NSF East Asia and Pacific Summer Institute (EAPSI) for FY 2013 in Japan

Project: Research project

Project Details


This action funds Lauren Dell Zarzar of Harvard University to conduct a research project in the Math and Physical Sciences area during the summer of 2013 at the University of Tokyo in Bunkyo-ku, Tokyo, Japan. The project title is Self-Assembly of Mechanically-Responsive Liquid Crystals within Deformable Substrates.' The host scientist is Professor Takashi Kato.

For many materials where there exists a strong structure-function relationship, the process of directed self-assembly shows great promise as a general approach by which to influence materials properties via the control of nanoscale order. Self-assembly of liquid crystals, as well as other materials, is a sensitive dynamic process and the resulting assembled structure is affected by tunable external and internal parameters, one of which is the new surface interactions resulting from geometric confinement. Specifically, this project focuses on the assembly of luminescent liquid crystals within flexible nano/microscale 3D-patterned surfaces. The color of luminescence of this particular class of liquid crystals is sensitive to the self-assembled structure of the molecules. This project therefore focuses on 1) how certain surface and geometric parameters affect initial assembly order/color of the liquid crystals within confinement and 2) how subsequent changes in these geometric parameters (such as by substrate deformation) may trigger reorganization of the liquid crystal molecules into a new self-assembled structure with different properties. The ability to use rationally designed confining surfaces to externally trigger a material's self-reorganization/assembly could lead to the development of a novel, transformative class of 'smart' materials capable of adapting to external pressures via self-assembling mechanisms. The development of numerous 'smart' materials could impact every-day life, including wearable technologies, self-camouflaging surfaces, and tamper-reporting labels.

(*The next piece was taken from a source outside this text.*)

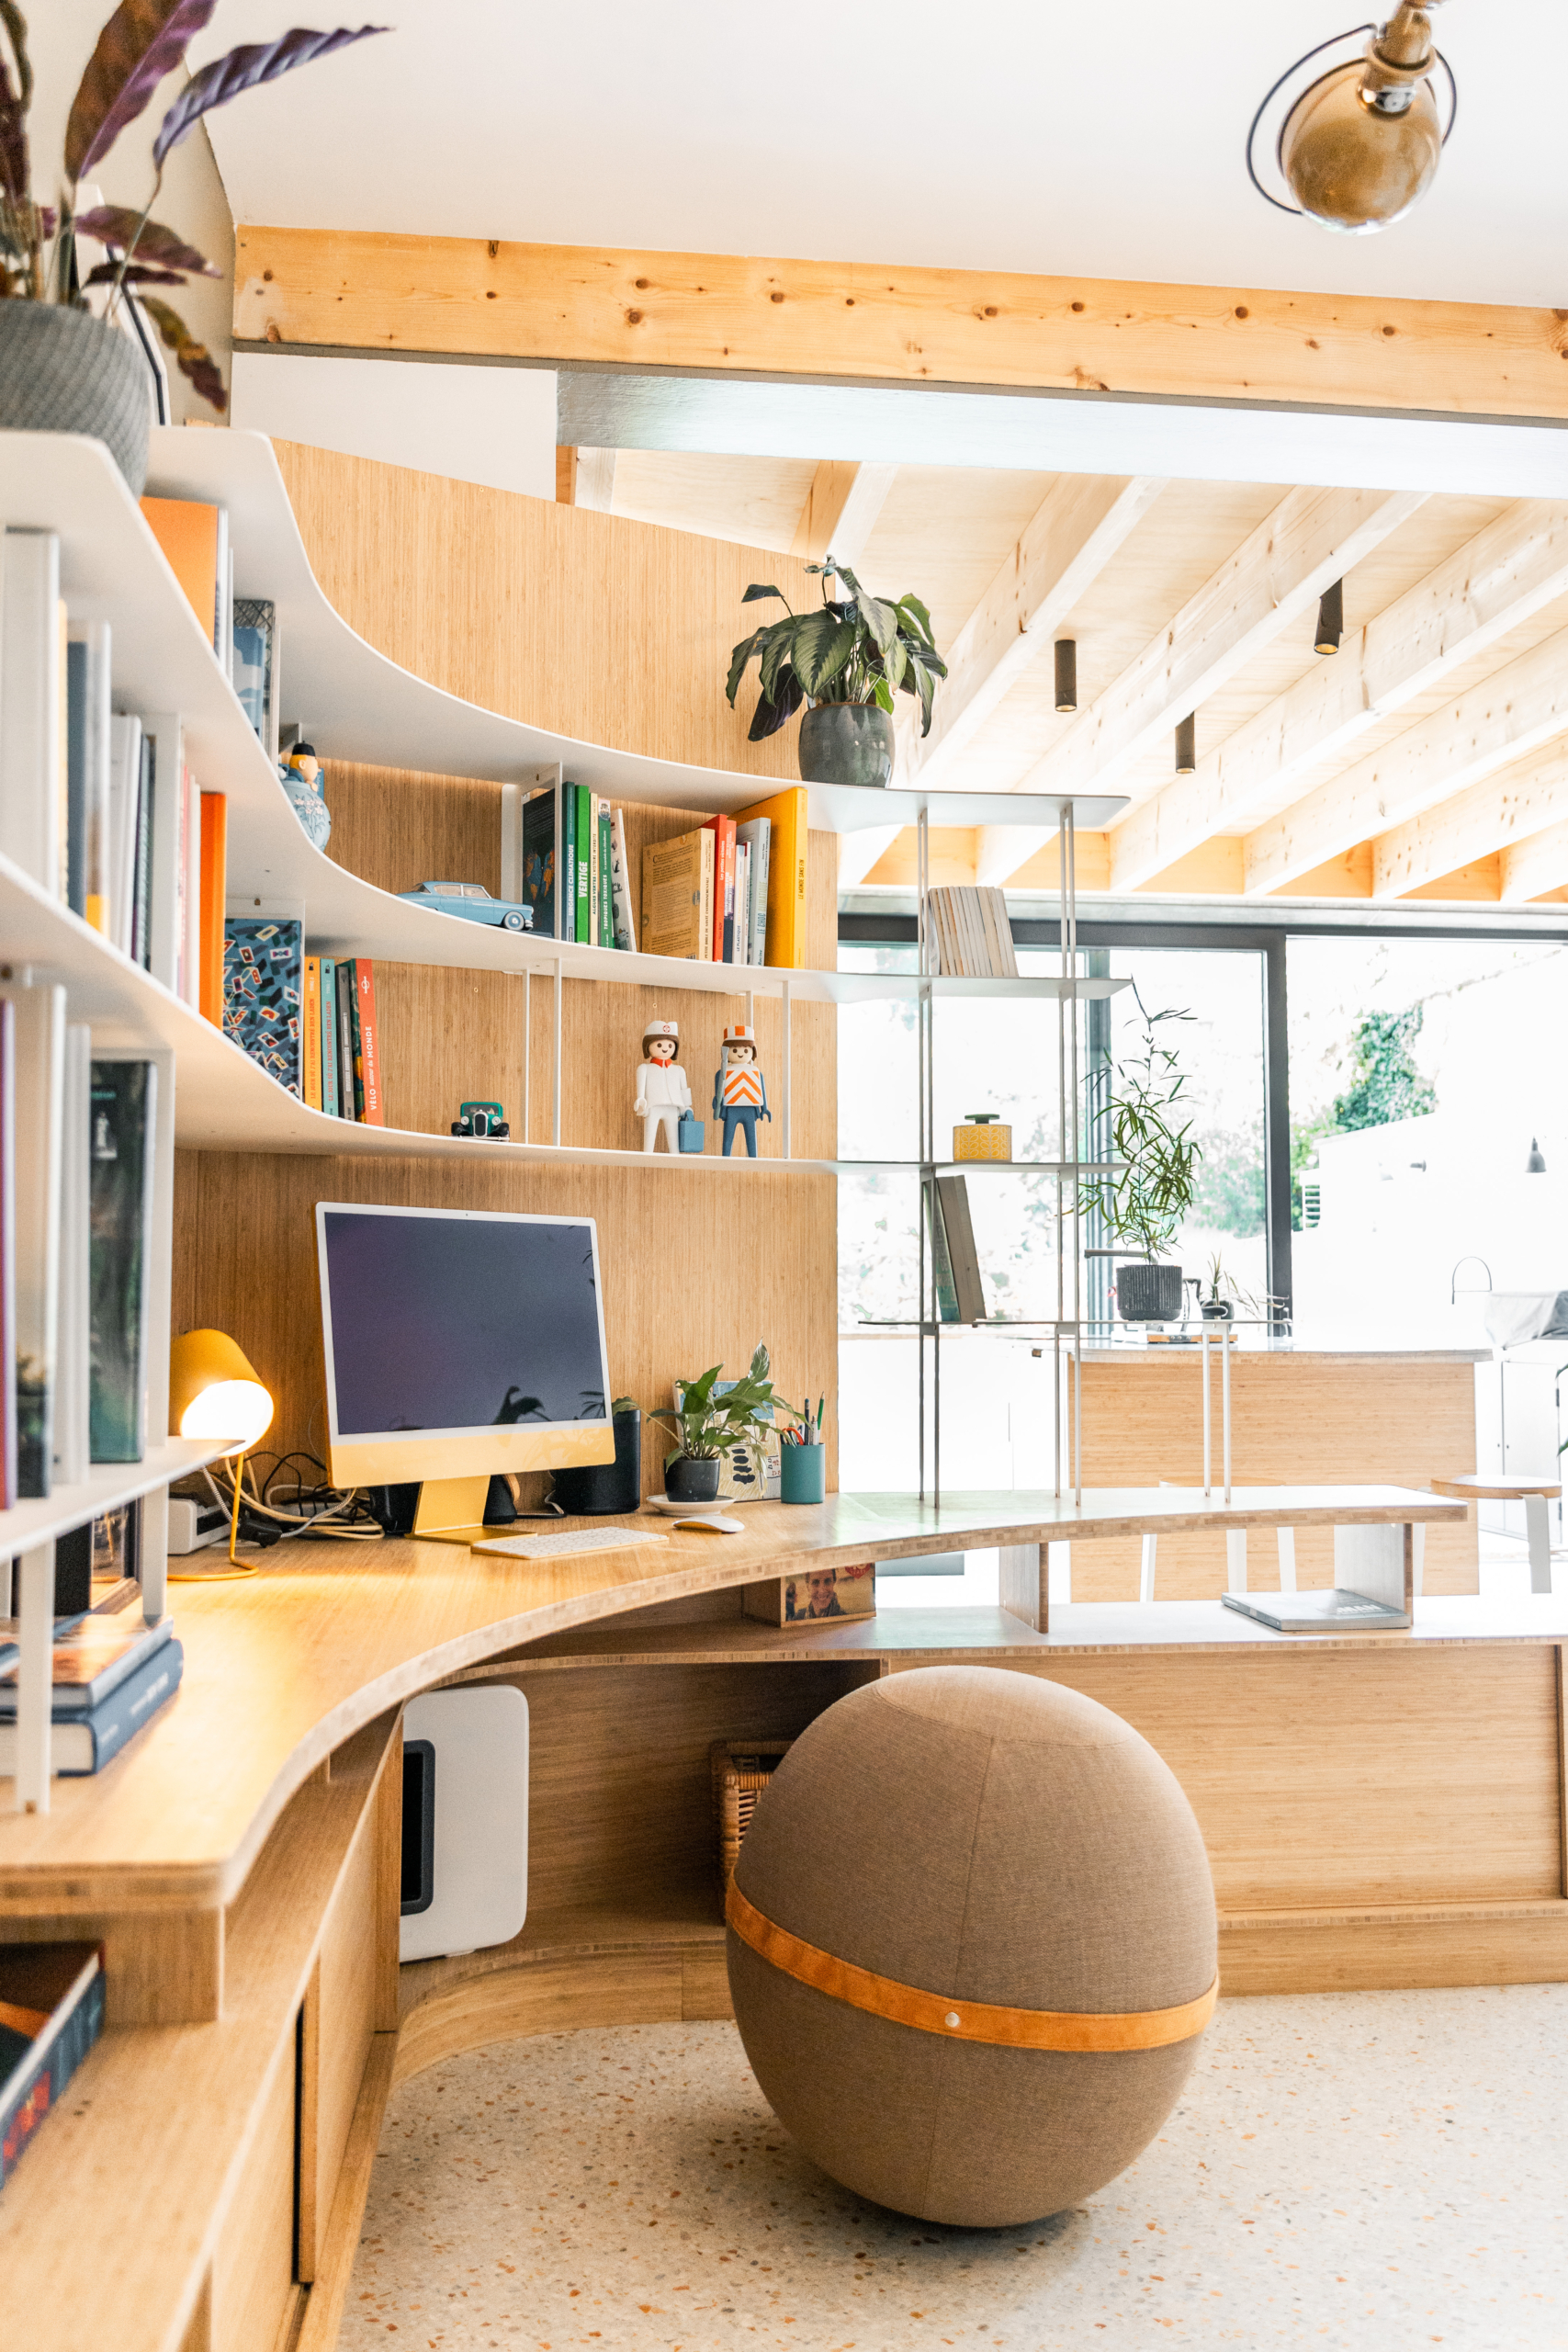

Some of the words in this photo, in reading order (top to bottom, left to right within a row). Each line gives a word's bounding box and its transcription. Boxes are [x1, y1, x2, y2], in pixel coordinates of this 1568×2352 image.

Broader impacts of an EAPSI fellowship include providing the Fellow a first-hand research experience outside the U.S.; an introduction to the science, science policy, and scientific infrastructure of the respective location; and an orientation to the society, culture and language. These activities meet the NSF goal to educate for international collaborations early in the career of its scientists, engineers, and educators, thus ensuring a globally aware U.S. scientific workforce. Furthermore, the results of this research will be disseminated through presentation, publication, and public outreach programs, including the development of a hands-on demonstration that will introduce young students to the concepts of liquid crystals and self-assembly.